Where is colonialism in this story?  Felicia, while down on her luck, comes from an old spice merchant family that colonized Indonesia.  (It's this fact that makes her imagining a permanent cycle of abandon and return spurious to begin with.)  I liked the ripe character tension between the ruffled, affable professor and the wary Javanese especially.  The professor means no harm and treats his assistant well, but it's hard to blame the assistant for his wariness.  He resists and resists the professor's friendly claim on him--"He did not want a bond between them, not of one kind nor of the other"--but is unable to escape, and that seems as good a metaphor for the relationship between European and Indonesian as any.  The professor, working from a Javanese story, crafts a version of the colonial enterprise as a kind of fruitless searching:

"All of us, always, when we're young, have to hold something for those who are old, and we drop it and want to get away, and draw a ship in the sand to reach a new country, and we always forget the ballast--there is no ballast but the earth of the old country--and the new country's earth is always just as heavy as the old country's--and for that, then, we have left and crossed the seas and might even have drowned on the way, in deep water, or grown old and in our turn let someone hold a basin up for us..."
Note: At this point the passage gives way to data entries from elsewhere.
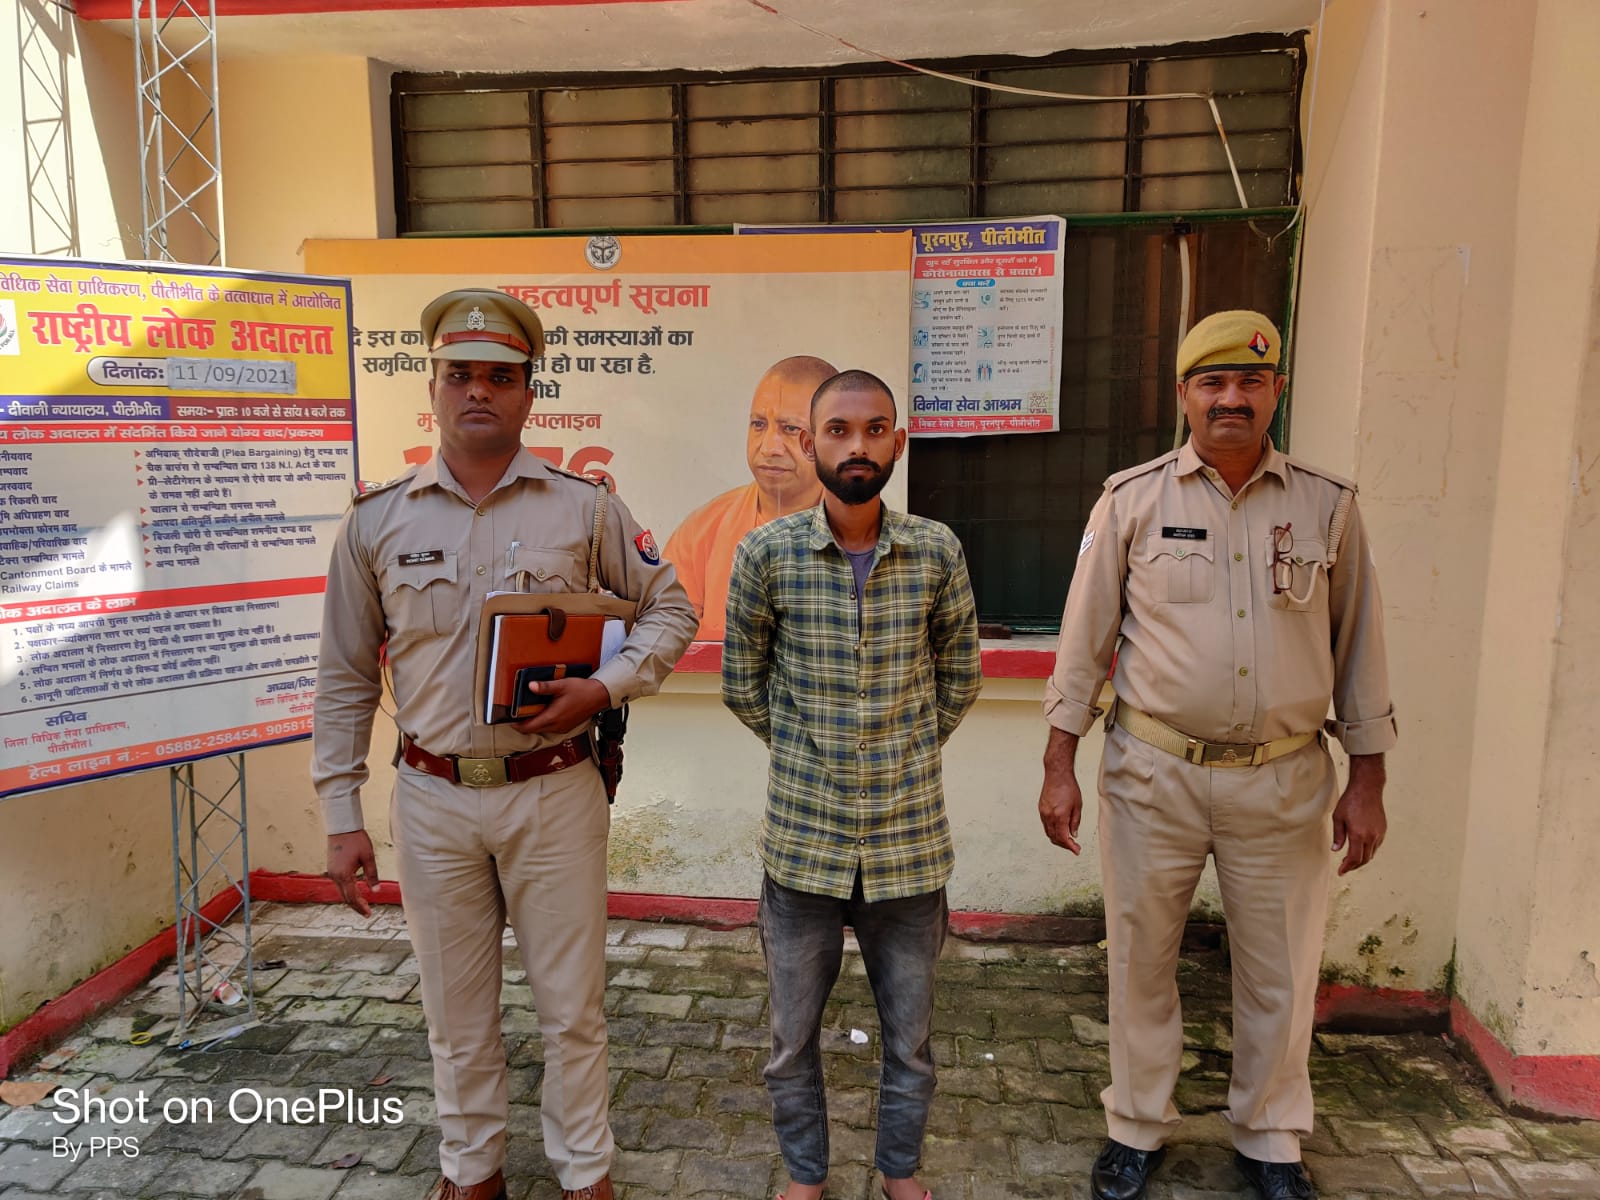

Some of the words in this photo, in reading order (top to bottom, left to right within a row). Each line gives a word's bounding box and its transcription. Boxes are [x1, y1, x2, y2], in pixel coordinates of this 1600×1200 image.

[921, 232, 973, 252] पूरनपुर,
[981, 226, 1046, 246] पीलीभीत
[46, 274, 72, 292] सेवा
[78, 277, 146, 300] प्राधिकरण,
[152, 280, 203, 302] पीलीभीत
[208, 284, 220, 302] के
[224, 290, 274, 306] तत्वाधान
[278, 290, 288, 306] में
[292, 292, 341, 310] आयोजित
[629, 285, 710, 314] सूचना
[28, 304, 132, 352] राष्ट्रीय
[142, 307, 216, 350] लोक
[230, 320, 334, 354] अदालत
[368, 329, 394, 347] इस
[574, 326, 662, 347] समस्याओं
[668, 331, 694, 346] का
[363, 352, 426, 376] समुचित
[552, 354, 572, 374] हो
[576, 358, 595, 373] पा
[600, 358, 631, 374] रहा
[8, 400, 48, 416] दीवानी
[52, 404, 109, 416] न्यायालय,
[112, 400, 161, 416] पीलीभीत
[272, 404, 282, 417] से
[330, 406, 346, 418] तक
[913, 396, 953, 412] विनोबा
[956, 396, 980, 412] सेवा
[983, 399, 1022, 410] आश्रम
[522, 412, 602, 432] ल्पलाइन
[12, 426, 44, 440] लोक
[50, 428, 100, 438] अदालत
[104, 426, 118, 438] में
[120, 426, 167, 438] संदर्भित
[170, 425, 196, 438] किये
[200, 426, 227, 438] जाने
[231, 426, 260, 438] योग्य
[222, 448, 246, 458] (Plea
[248, 448, 301, 458] Bargaining)
[260, 462, 276, 470] 138
[8, 494, 39, 506] रिकवरी
[41, 496, 58, 504] वाद
[54, 510, 70, 518] वाद
[36, 522, 60, 534] फोरम
[62, 524, 78, 532] वाद
[72, 537, 88, 546] वाद
[0, 567, 63, 580] Cantonment
[66, 564, 96, 576] Board
[99, 562, 107, 572] के
[110, 560, 132, 572] मामले
[2, 583, 42, 594] Railway
[45, 580, 79, 590] Claims
[26, 600, 82, 617] अदालत
[86, 598, 102, 610] के
[106, 597, 136, 609] लाभ
[30, 652, 50, 662] लोक
[53, 648, 84, 658] अदालत
[100, 654, 118, 665] लोक
[33, 678, 52, 689] लोक
[56, 674, 87, 684] अदालत
[44, 710, 88, 727] सचिव
[28, 764, 61, 780] हेल्प
[68, 755, 110, 772] लाइन
[266, 718, 314, 735] 905815
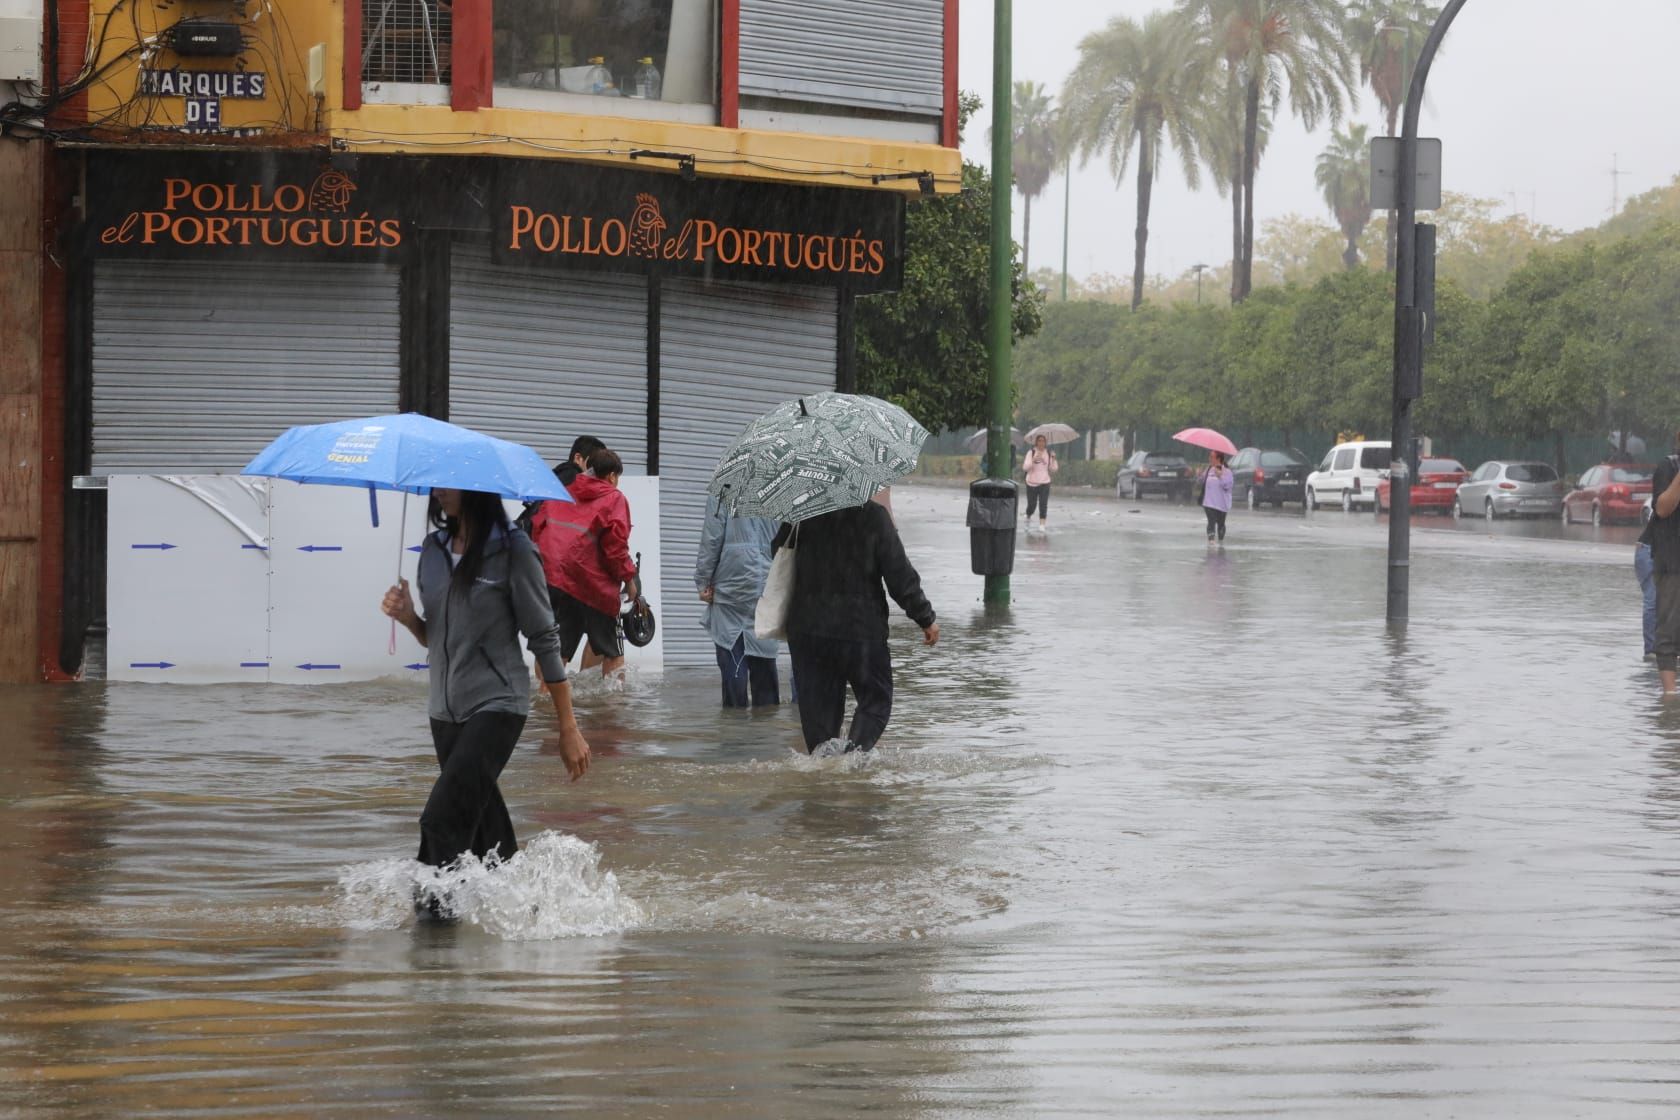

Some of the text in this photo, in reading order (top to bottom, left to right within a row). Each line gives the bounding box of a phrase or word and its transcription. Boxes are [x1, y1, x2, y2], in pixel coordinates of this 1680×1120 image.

And yet the claim to universalism here--we all feel this way--seems as false to me as it does to the Javanese assistant.  Many of the dead were murdered by locals: the mountain tribesman who killed Himpies, the seafaring tribe that killed the professor, the slave that killed the three little Dutch girls.  Felicia's vision of the murderers and murdered brought together at last might serve also as a vision of a kind of global healing, but how would we read this scene if the slave girl were reunited not with the girls she murdered but the man who enslaved her?

The Ten Thousand Things is lyrical and sensuous, often bewildering, frequently clever, and often very touching.  As Brent notes in his review, the novel ends with Felicia having to get up from her communion from the dead and go on living.  Here Dermout suggests that it's life, not death, that's really tragic, but also that perhaps it doesn't have to be.